Okay — so now, a shop owner has strong traffic and conversions are good, but they want to work on increasing their AOV (average order value). What advice would you give them so that they don’t disrupt the conversions? 

First off, it’s a great place to be as a merchant when you can look to increase AOV. At this point, I would say there are a few routes to take, depending on what products you sell and what the average order values are. It could be something as simple as a “free shipping over $200” promo. Or you could look at adding some product bundles that push up that order value and provide a benefit to the customer. I would also circle back to content here — if you tell the story on why you love items you carry, your buyers will then gain a better understanding of why your products make their life better and are worth it for them going to that checkout. 

A custom-built loft bed makes use of every square inch of space in his small home/office.

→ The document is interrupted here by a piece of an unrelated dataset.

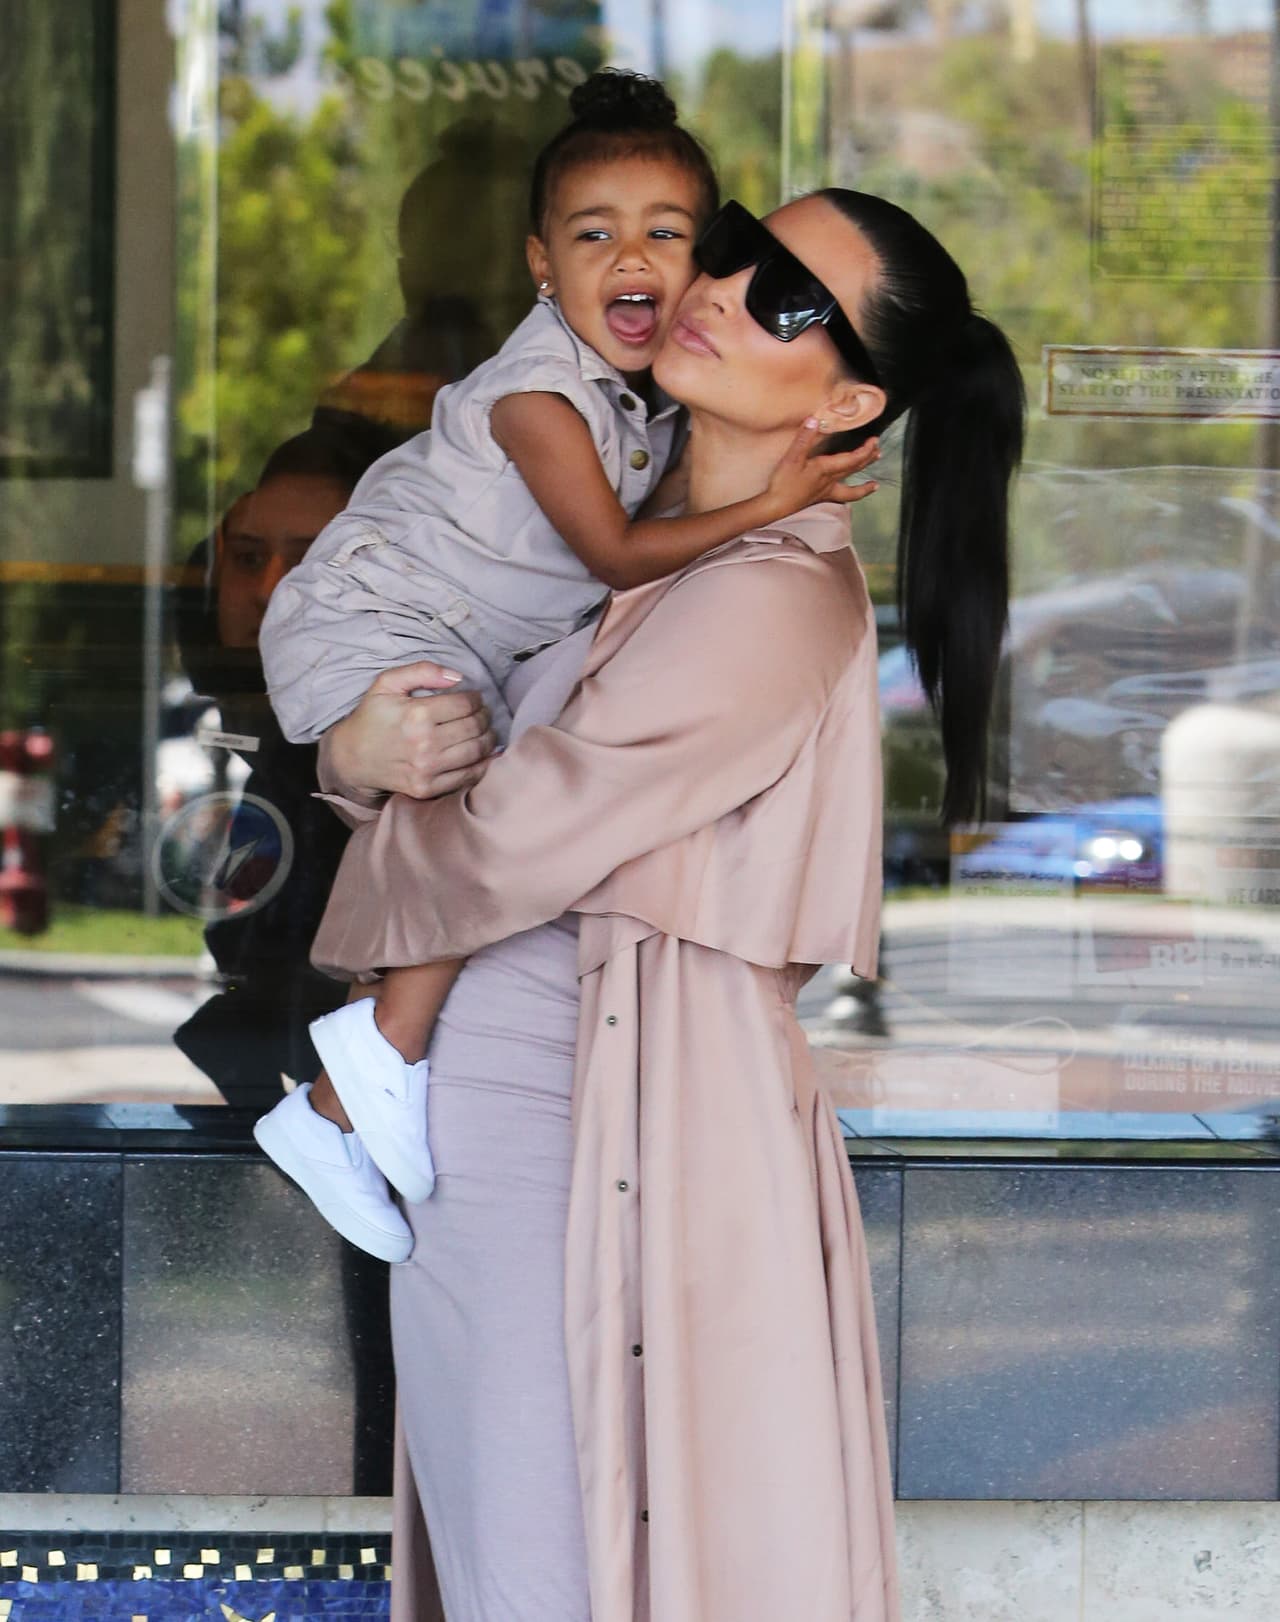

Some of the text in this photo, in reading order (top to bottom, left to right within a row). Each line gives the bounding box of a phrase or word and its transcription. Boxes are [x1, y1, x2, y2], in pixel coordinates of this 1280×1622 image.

As a previous shop owner and brand creator, you experienced the highs and lows of being an entrepreneur. What would you say to someone looking at launching a brand and going online today? Any advice on how to manage the emotional side of starting a business? 

First, life is far too short not to live your dreams. I’d also say if you can keep another income during the start-up phase, please do that! The more money you can fold back into the business in that first 6 months to a year is so much better for investing in exploring product lines and focusing your risk on bringing in customers, rather than making sure you can also pay the rent and eat at home. 

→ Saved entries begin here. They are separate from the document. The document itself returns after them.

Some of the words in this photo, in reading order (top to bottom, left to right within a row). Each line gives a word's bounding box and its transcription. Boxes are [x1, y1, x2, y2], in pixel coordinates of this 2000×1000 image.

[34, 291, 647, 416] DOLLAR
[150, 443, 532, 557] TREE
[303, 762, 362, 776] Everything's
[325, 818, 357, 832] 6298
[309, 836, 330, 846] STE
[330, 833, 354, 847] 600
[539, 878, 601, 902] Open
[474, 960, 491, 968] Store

I would also say that times of change and flux are times that define businesses and allow for what would seem like a crazy idea to now be considered normal. Up until this point in time you could start a business without an online element. We have now entered an era of digital by default. This is beyond just websites and online stores and is pushing us all to discover new and creative solutions. It is far harder for a business to adapt compared with a new business to be able to plan in this environment. 

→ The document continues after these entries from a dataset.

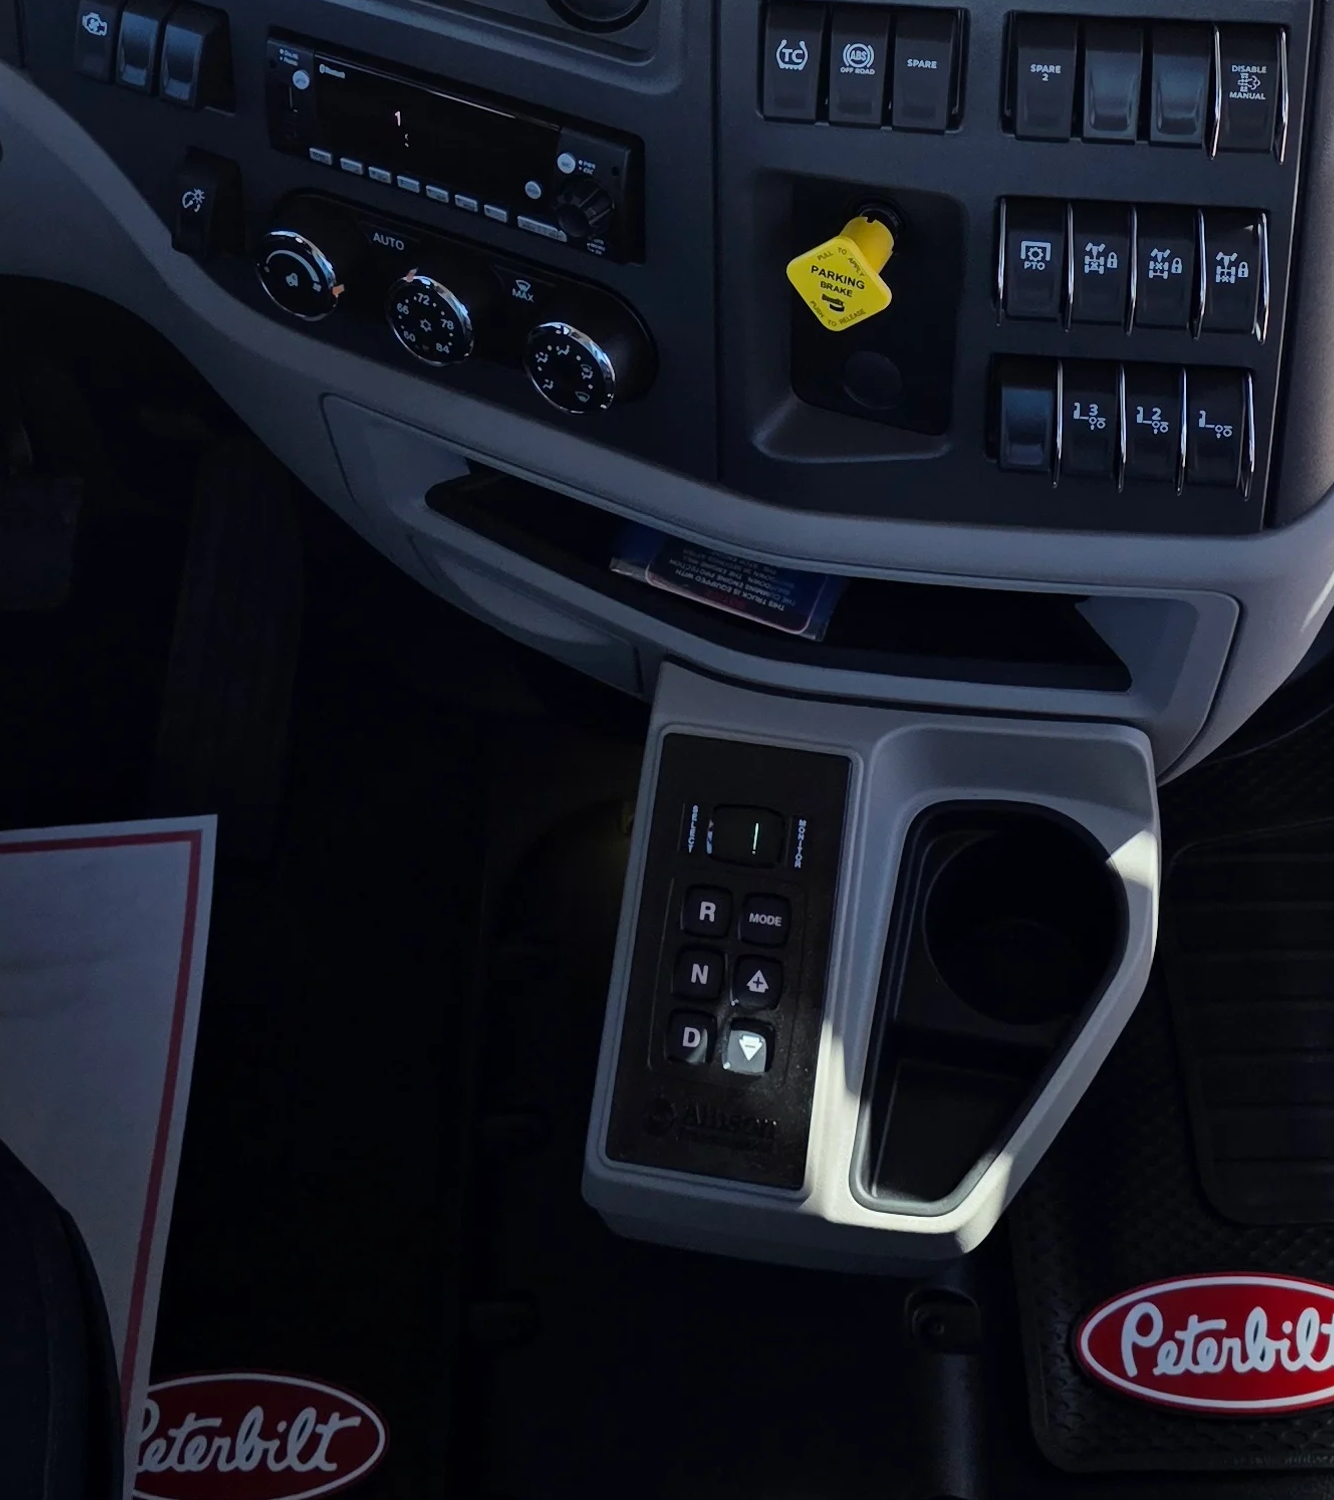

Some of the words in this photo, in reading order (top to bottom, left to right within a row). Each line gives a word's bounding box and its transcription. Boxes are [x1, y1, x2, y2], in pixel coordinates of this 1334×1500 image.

[782, 48, 804, 64] TC
[850, 49, 868, 62] ABS
[907, 58, 938, 69] SPARE
[1030, 63, 1062, 74] SPARE
[1231, 64, 1267, 74] DISABLE
[840, 66, 853, 75] OFF
[855, 67, 876, 76] ROAD
[1042, 73, 1049, 81] 2
[1229, 91, 1266, 101] MANUAL
[373, 232, 405, 251] AUTO
[816, 250, 834, 261] PULL
[837, 246, 847, 256] TO
[847, 257, 866, 277] APPLY
[1024, 261, 1046, 271] PTO
[810, 264, 866, 290] PARKING
[511, 288, 535, 303] MAX
[820, 280, 853, 298] BRAKE
[417, 292, 430, 306] 72
[397, 302, 409, 315] 66
[810, 300, 825, 318] PUSH
[827, 319, 837, 328] TO
[839, 308, 867, 325] RELEASE
[440, 318, 454, 330] 78
[404, 330, 416, 342] 60
[436, 342, 450, 354] 84
[1088, 403, 1099, 417] 3
[1152, 407, 1162, 420] 2
[675, 568, 694, 580] WITH
[694, 575, 732, 593] EQUIPPED
[742, 590, 767, 606] TRUCK
[768, 599, 785, 611] THIS
[687, 804, 699, 853] SELECT
[794, 819, 807, 869] MONITOR
[699, 901, 717, 923] R
[748, 912, 783, 928] MODE
[691, 963, 709, 985] N
[682, 1026, 702, 1048] D

On how to manage the emotional side, I really think that can be different for everyone. We are thankfully in an age where we are encouraged to talk and take care of our mental health. Business is hard and complex. Most people don’t face that many strategic decisions in their lives, but entrepreneurs do this almost daily, if not several times a day. We also need to remind ourselves that no one has ever lived in 2020 under these conditions before. No one is really an expert; they are just making a judgement call based upon gaining context and knowledge. Ask for help, seek knowledge, google things, watch videos, do what you need to do to be happy. 

Can you give us some examples of successful launches at Shopify? Why do you think those shops had such success? 

I can’t disclose who uses the platform in that sense, but what I do know is that success is never random; it takes lots of work. The businesses that are successful build their relationships and communities over time. I know no one wants to hear [the truth that] “Rome wasn’t built in a day.” Every day is a new day and requires new customers and returning ones who are happy with your product and service. I feel like a basketball coach, but focus on the fundamentals! 

Plants and sunshine.

Before we end this interview – I want to ask you about your zine. What is it? And should we all be creating zines? 

Rad! Zines are really just an informal magazine, usually self-published. I have always loved making and sharing content — art for art’s sake. The current one I just made using Keynote on my Mac and it’s just a free pdf download from my site. I would encourage anyone to create and share what drives them.

Anything else you would like to say?

Thank you! To everyone who shops local, to the local business owners and folks who really try to put the community first, thank you!

Iain is a stylish, friendly and positive resource for shopkeepers at Shopify.